* _ASSIGNED TASK_
Quote all of the data below exactly, please.

* _DATASET CONTENT_
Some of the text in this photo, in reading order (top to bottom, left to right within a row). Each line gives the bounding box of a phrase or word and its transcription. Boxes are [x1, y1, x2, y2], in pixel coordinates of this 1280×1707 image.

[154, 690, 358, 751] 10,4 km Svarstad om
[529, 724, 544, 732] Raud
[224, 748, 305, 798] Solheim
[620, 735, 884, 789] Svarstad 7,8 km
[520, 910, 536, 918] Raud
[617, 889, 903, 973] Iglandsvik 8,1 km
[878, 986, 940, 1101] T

* _WORKED SOLUTION_
Some of the text in this photo, in reading order (top to bottom, left to right within a row). Each line gives the bounding box of a phrase or word and its transcription. Boxes are [x1, y1, x2, y2], in pixel coordinates of this 1280×1707 image.

[154, 690, 358, 751] 10,4 km Svarstad om
[529, 724, 544, 732] Raud
[224, 748, 305, 798] Solheim
[620, 735, 884, 789] Svarstad 7,8 km
[520, 910, 536, 918] Raud
[617, 889, 903, 973] Iglandsvik 8,1 km
[878, 986, 940, 1101] T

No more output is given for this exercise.